Ambassador Building

Ambassador Building HistoryTheaterTheater OfficesPier PanelsCornice RecoveryTrusses

Ambassador Building

Location: NW corner of 7th and Locust, St. Louis, Missouri
Date of Construction: 1925
Date of Demolition: 1996
Architects: C. W. & George L. Rapp
Sculptor: George T. Ernst (1873-1946)
Winkle Terra Cotta Company

The Ambassador Theatre Building and the Skouras Brothers

Spyros Skouras’s dream of building a world-class movie palace in downtown St. Louis was grandly realized in 1926 when the $5.5 million Ambassador Theatre Building opened on prime real estate at the northwest corner of Locust and Seventh streets. The 17-story structure which housed the luxurious cinema also added an impressive tall office block to the city’s skyline. Less than two decades earlier the three Skouras brothers, Charles (1889–1954), George (1896–1964), and Spyros (1893–1971), had arrived in St. Louis from their native Skourohorion, Greece, the sons of a poor sheep herder.
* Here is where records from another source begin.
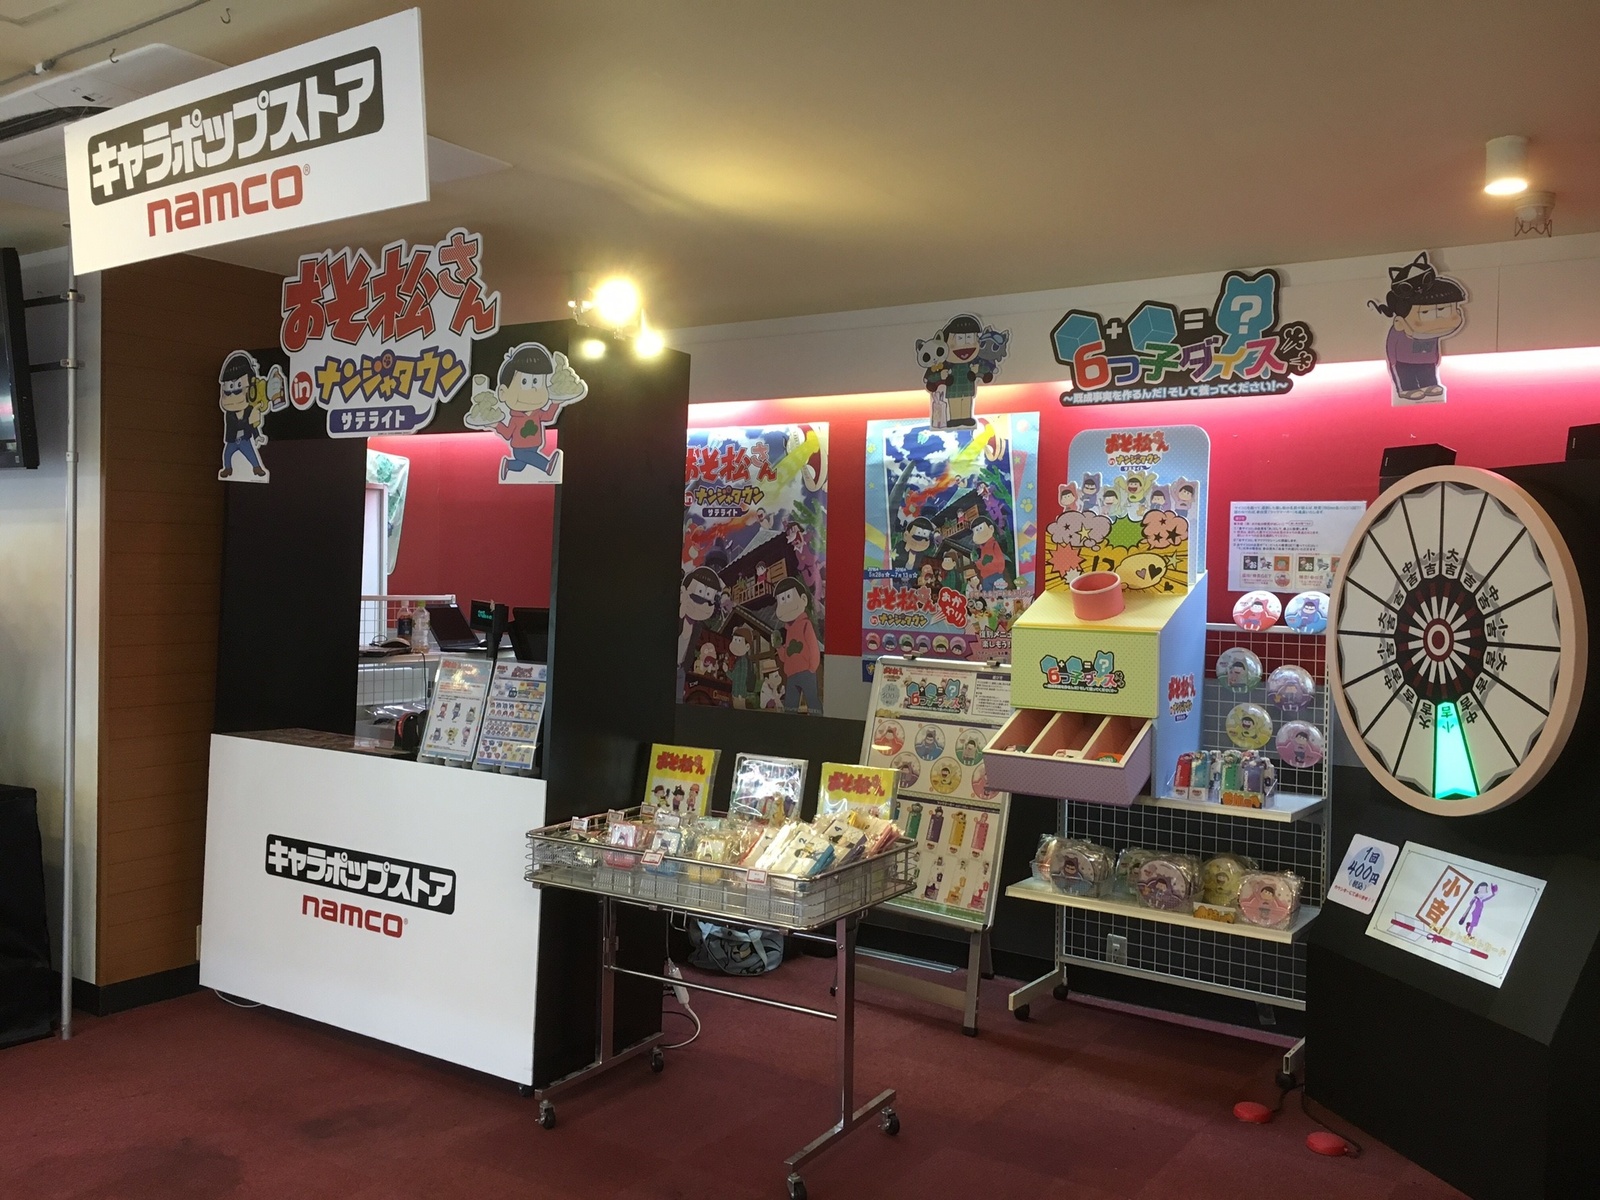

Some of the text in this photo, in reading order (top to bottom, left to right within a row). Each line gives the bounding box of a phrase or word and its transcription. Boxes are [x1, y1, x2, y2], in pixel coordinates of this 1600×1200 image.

[92, 59, 375, 196] キャラポップストア
[147, 165, 303, 237] namco
[283, 233, 497, 350] おそ松さん
[293, 346, 466, 403] in ナンジャタウン
[1073, 336, 1287, 391] 6つ子ダイス
[342, 411, 405, 430] サテライト
[1105, 431, 1169, 453] おそ松さん
[686, 442, 777, 482] おそ松さん
[708, 509, 738, 517] サテライト
[1402, 562, 1418, 587] 中吉
[1423, 549, 1437, 576] 小吉
[1446, 548, 1459, 576] 大吉
[867, 587, 936, 611] おそ松さん
[1477, 585, 1500, 610] 中吉
[1378, 612, 1396, 631] 大吉
[1486, 617, 1508, 639] 小吉
[1377, 643, 1395, 660] 小吉
[1485, 652, 1507, 672] 大吉
[1047, 666, 1117, 687] 6つ子ダイス
[1384, 669, 1402, 689] 中吉
[1419, 702, 1433, 730] 大吉
[1441, 706, 1455, 733] 小吉
[1460, 696, 1478, 724] 中吉
[656, 751, 706, 775] おそ松さん
[828, 771, 885, 797] おそ松さん
[1364, 847, 1380, 864] 1回
[268, 840, 453, 907] キャラポップストア
[1347, 860, 1380, 885] 400円
[1425, 876, 1461, 923] 小吉
[302, 895, 403, 938] namco
Living frugally on wages as busboys and bartenders in downtown hotels, the brothers pooled their savings of $3500 in 1914. In partnership with two other Greeks the Skourases constructed a modest nickelodeon at 1420 Market Street on the site of today’s Kiel Opera House. This initial property, named the Olympia, was quickly followed by the acquisition of other theaters.

In 1920, the Skouras Brothers Co. incorporated with $400,000 of capital stock. More than thirty local theaters belonged to the Skouras empire by 1924. Five years later, the triumvirate sold out to Warner Brothers and moved east to claim top executive places in the industry. Charles eventually became president of Fox Coast West, and George, chairman of the board of United Artists. After Spyros helped merge Fox with 20th Century films in the 1930s he served as president from 1942 to 1962. During Spyros’s tenure there he worked to rescue the faltering movie industry from television’s lure. 20th Century Fox’s famous advertising slogan, “Movies are Better than Ever”, gained credibility in 1953 when Spyros introduced Cinemascope in the studio’s groundbreaking feature film The Robe.
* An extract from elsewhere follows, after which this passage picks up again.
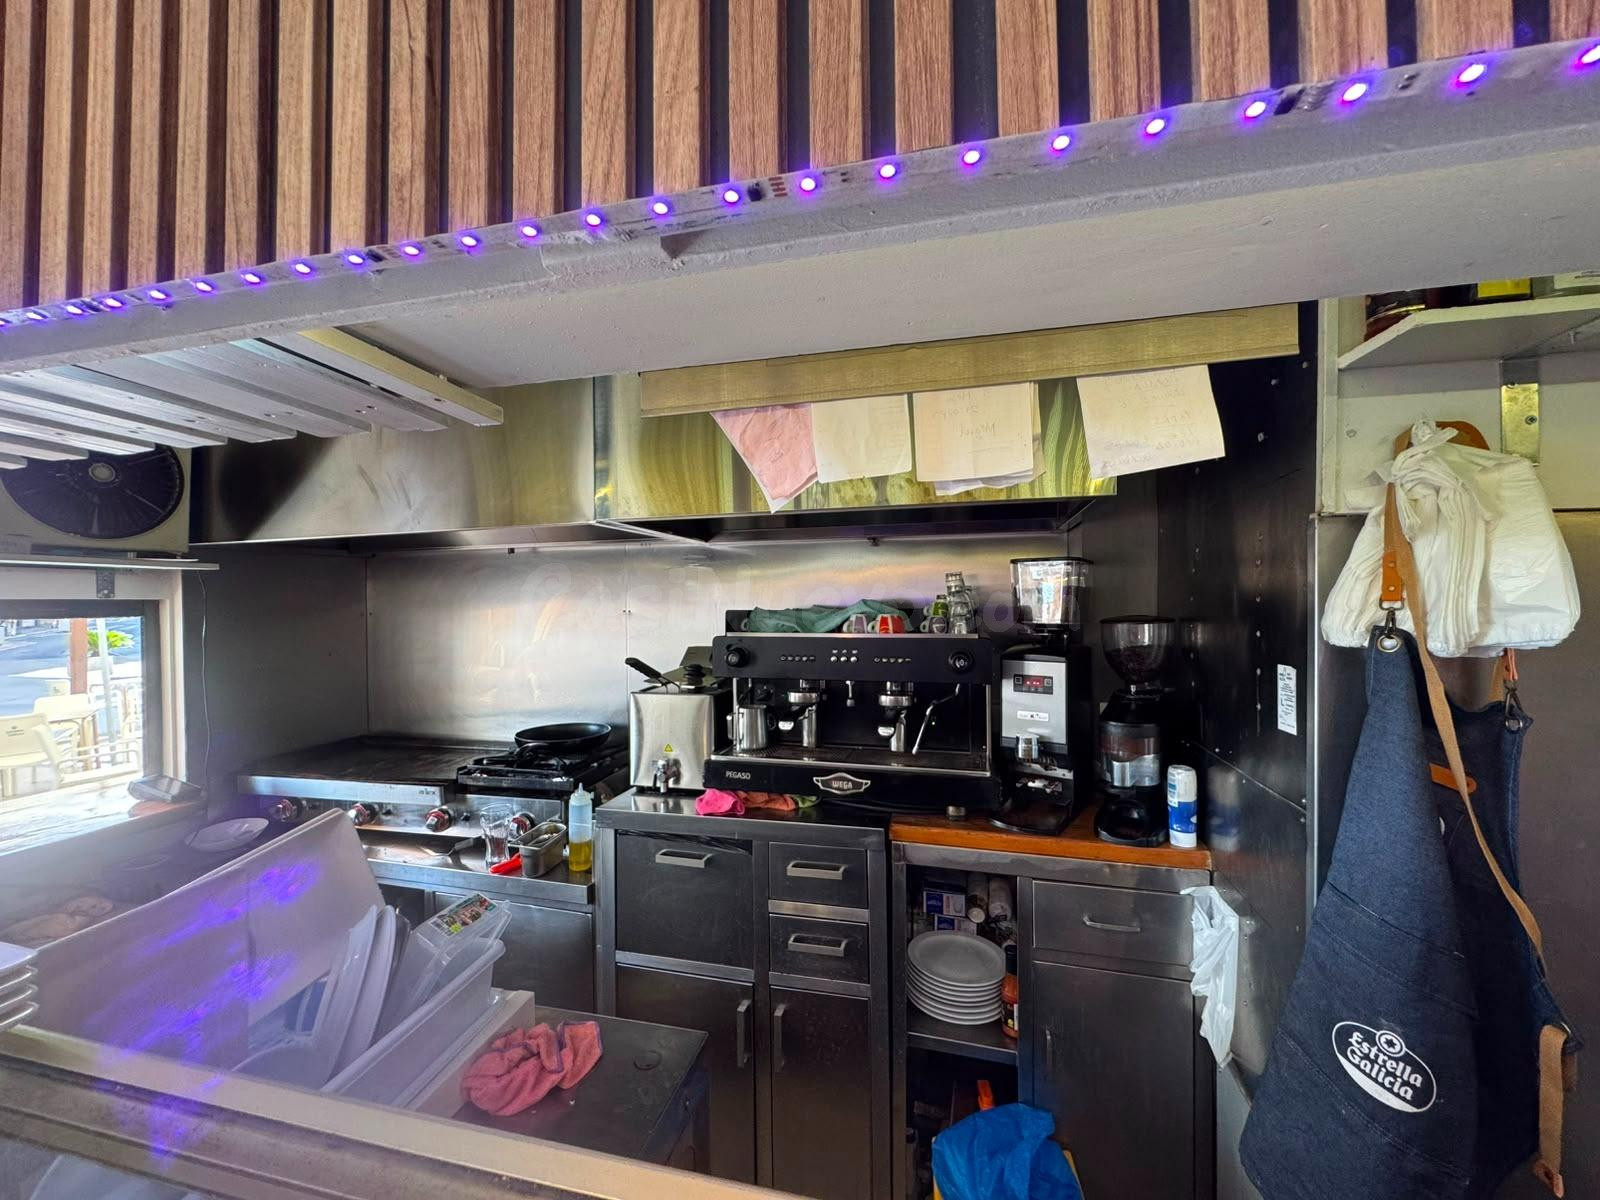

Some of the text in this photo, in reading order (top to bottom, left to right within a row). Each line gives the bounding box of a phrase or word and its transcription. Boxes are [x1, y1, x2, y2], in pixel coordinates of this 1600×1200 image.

[725, 770, 751, 780] PEGASO
[831, 780, 853, 790] WEGA
[1346, 1046, 1414, 1101] Galicia
[1347, 1031, 1423, 1088] Estrella
The Skourases chose Rapp & Rapp, Chicago’s famed theater architects, to design the 3000-seat Ambassador. The firm’s local debut, the St. Louis Theater (now Powell Symphony Hall), was completed in 1925 on Grand Avenue. In addition to Windy City achievements such as the Chicago, Southtown, and Uptown theaters, the brothers C. W. and George Rapp drew up plans in the 1920s for notable theater skyscraper hybrids that included New York City’s 29-story Paramount (1926); Cleveland’s 21-story Palace (1922); and the 22-story Oriental in Chicago whose top stories housed the Masonic Lodge halls.
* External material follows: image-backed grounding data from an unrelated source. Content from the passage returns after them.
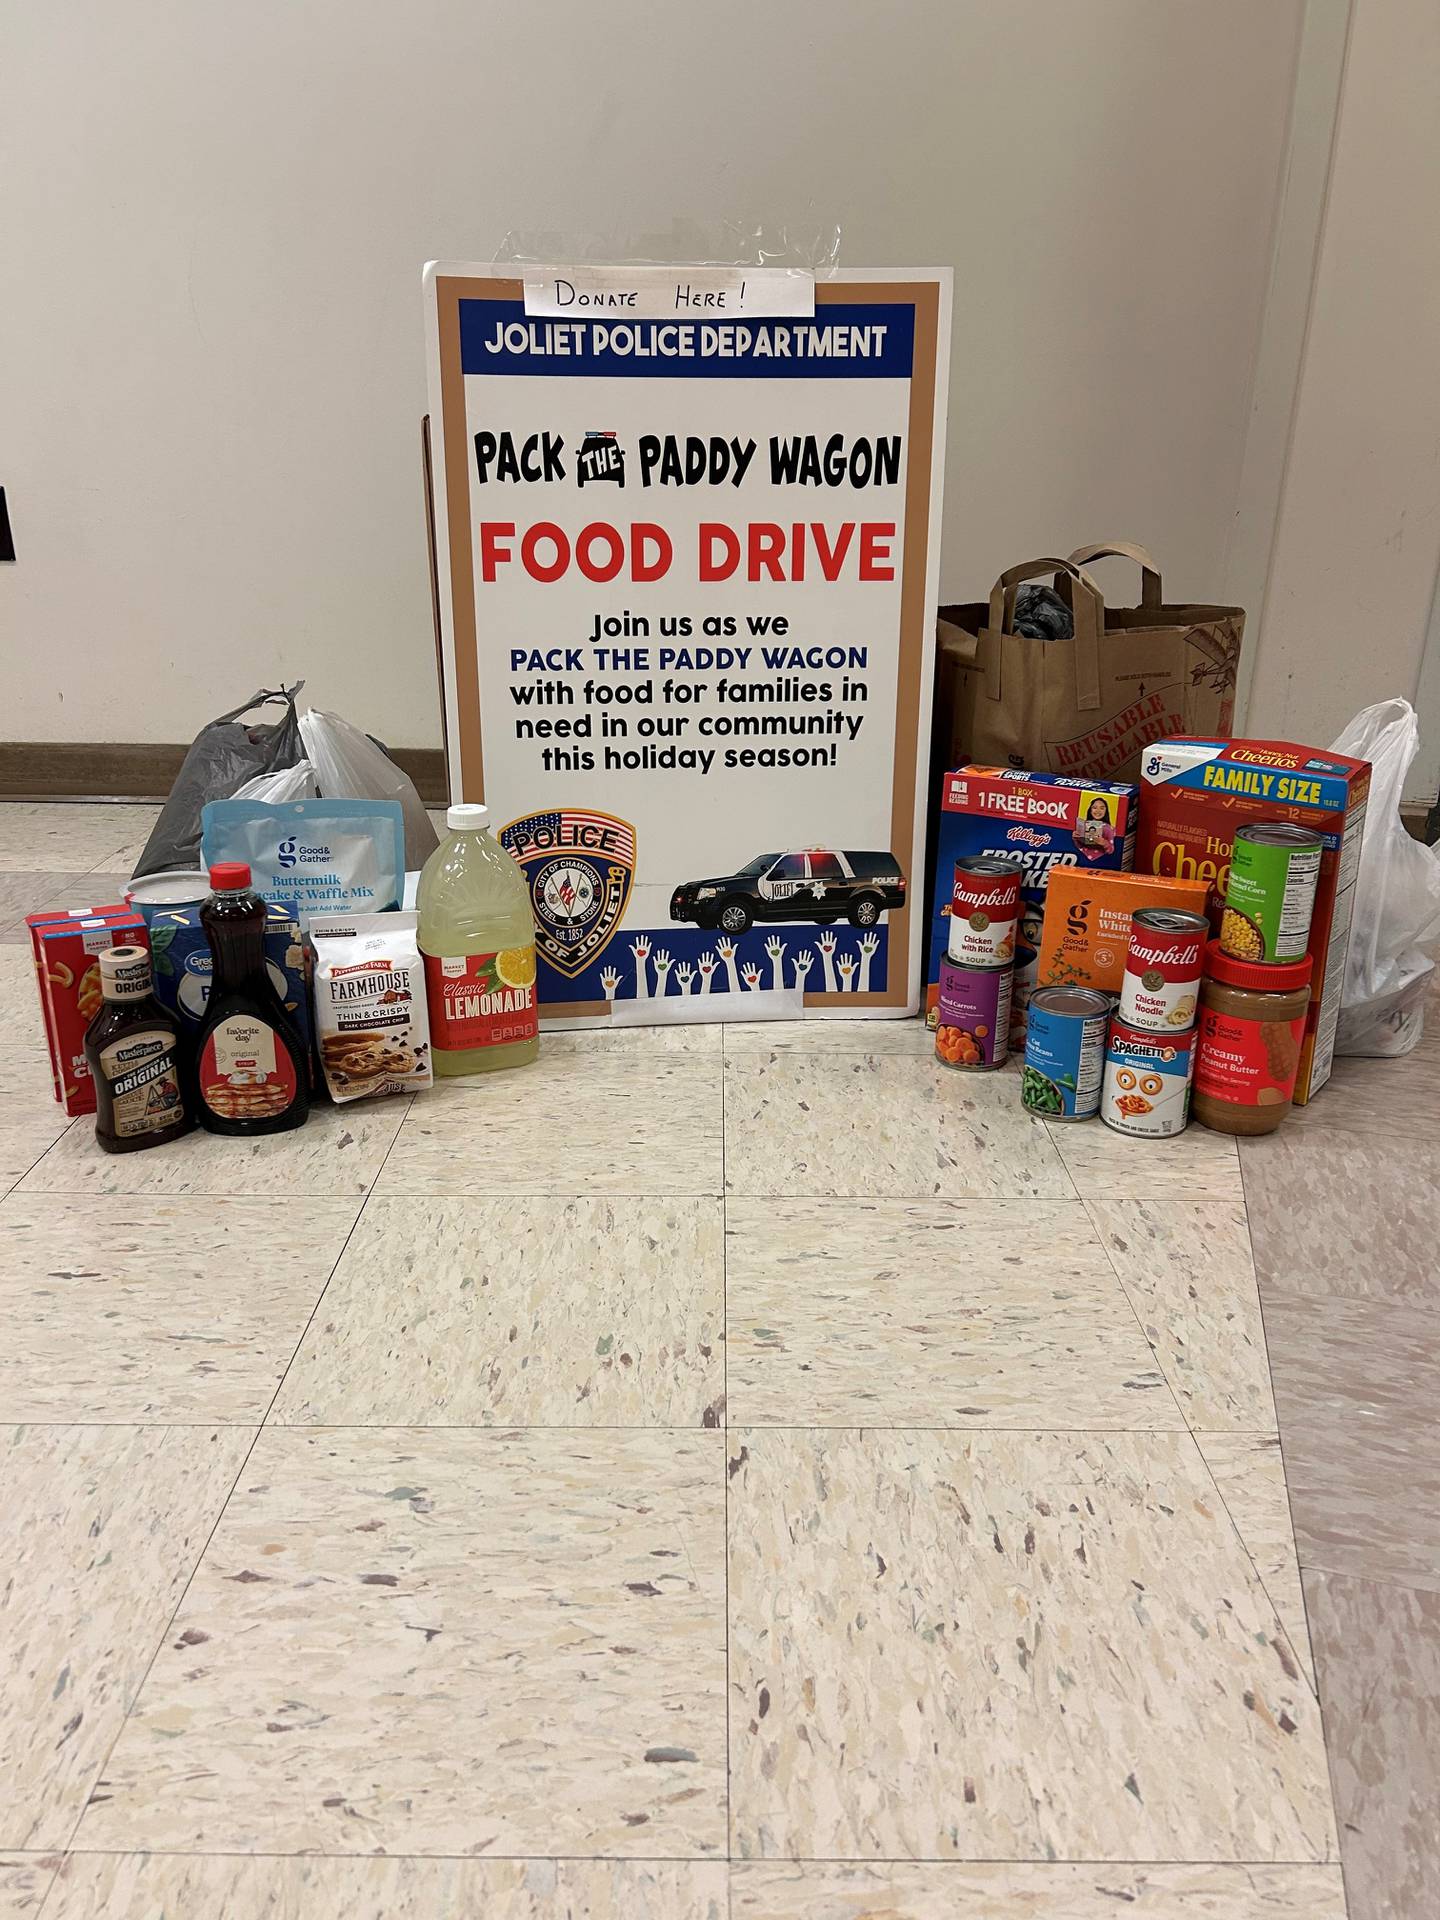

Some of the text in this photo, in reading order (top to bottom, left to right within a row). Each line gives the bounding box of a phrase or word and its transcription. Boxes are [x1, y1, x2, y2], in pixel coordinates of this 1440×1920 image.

[484, 322, 888, 358] JOLIET POLICE DEPARTMENT
[473, 430, 902, 490] PACK THE PADDY WAGON
[480, 521, 896, 583] FOOD DRIVE
[589, 610, 789, 642] Join us as we
[510, 646, 868, 671] PACK THE PADDY WAGON
[510, 676, 868, 705] with food for families in
[516, 709, 863, 740] need in our community
[1055, 692, 1166, 767] REUSABLE
[542, 743, 837, 774] this holiday season!
[1231, 749, 1298, 769] Cheerios
[1017, 788, 1033, 797] BOX
[1203, 765, 1322, 804] FAMILY SIZE
[978, 792, 1070, 820] 1 FREE BOOK
[1289, 808, 1300, 819] 12
[512, 824, 621, 857] POLICE
[1007, 826, 1051, 847] Kellogg's
[299, 855, 331, 863] Gather
[538, 861, 599, 888] CITY OF CHAMPIONS
[1153, 841, 1230, 896] Chee
[272, 874, 341, 887] Buttermilk
[872, 876, 899, 885] POLICE
[256, 885, 374, 901] ncake & Waffle Mix
[953, 880, 1016, 908] Campbell's
[1248, 886, 1266, 895] Corn
[539, 900, 599, 925] STEEL & STONE
[1099, 908, 1132, 921] Insta
[544, 884, 621, 958] OF JOLIET
[568, 928, 583, 941] 1852
[964, 935, 992, 944] Chicken
[961, 943, 994, 953] with Rice
[1062, 944, 1088, 953] Gather
[1128, 934, 1199, 965] Campbell's
[190, 957, 213, 966] Gre
[334, 960, 388, 976] PEPPERIDGE FARM
[966, 956, 986, 964] SOUP
[116, 980, 152, 993] ORIGIN
[330, 971, 410, 1000] FARMHOUSE
[444, 981, 485, 997] Classic
[445, 987, 533, 1020] LEMONADE
[953, 1001, 976, 1010] Carrots
[1135, 993, 1166, 1007] Chicken
[337, 1011, 362, 1021] THIN
[364, 1010, 371, 1018] &
[372, 1006, 409, 1018] CRISPY
[1135, 1003, 1164, 1016] Noodle
[360, 1020, 391, 1028] CHOCOLATE
[1136, 1018, 1158, 1027] SOUP
[226, 1027, 260, 1035] favorite
[235, 1034, 250, 1043] day
[1031, 1038, 1040, 1046] Cut
[119, 1042, 162, 1060] Masterpiece
[231, 1050, 260, 1058] original
[1035, 1047, 1053, 1057] Beans
[1202, 1042, 1246, 1064] Creamy
[1124, 1058, 1155, 1070] ORIGINAL
[1200, 1053, 1228, 1070] Peanut
[1230, 1063, 1259, 1075] Butter
[115, 1057, 173, 1095] ORIGINAL
In the Ambassador, Rapp & Rapp expanded the firm’s typical Louis XIV Sun King style, a rendition of French Renaissance/Baroque motifs for which they were best known. The architects crowned the Ambassador with a distinctive cornice frieze of terra cotta griffins—a motif also displayed in two prominent New York skyscrapers of the period. Gazing across the rooftops, the griffins were well-placed as traditional guardians of treasure in antiquity. The planar quality of the cornice and flattened treatment of the griffins suggest the influence of modernist trends. The cornice marked a departure from older style, more elaborated cornices of high relief, often punctuated by lion heads.

To announce the theater portion of the tall Ambassador Building, Rapp & Rapp designed a monumental arcade of giant windows along Locust Street, wrapping the corner of Seventh. Thirty feet high, these windows were richly embellished with finely detailed terra cotta in Renaissance style. Highly modeled theater masks of comedy and tragedy were featured on cartouche pier and spandrel panels. The three floors of theater offices fronting Seventh Street were appropriately distinguished by terra cotta spandrel panels featuring regal pairs of sphinxes, Egyptian symbols of power.

NBAC Recovery Project

NBAC’s greatest recovery effort was the Ambassador Theatre office building. It involved removal of over 300 ft of terra cotta cornice and frieze from three elevations at the 18th floor. Hoisting, rigging, and working off of scaffolding at that height and dealing with what seemed to be an endless flow of 250 lb panels presented a unique logistical challenge. We then began the recovery of 78 terra cotta pier and spandrel assemblies from the third, fourth, and fifth floors on two elevations and then with winter coming on completed the operation with the removal of the seven 30 ft terra cotta arches that announced the theater portion of the building on two elevations. This project was the largest terra cotta recovery project in the United States.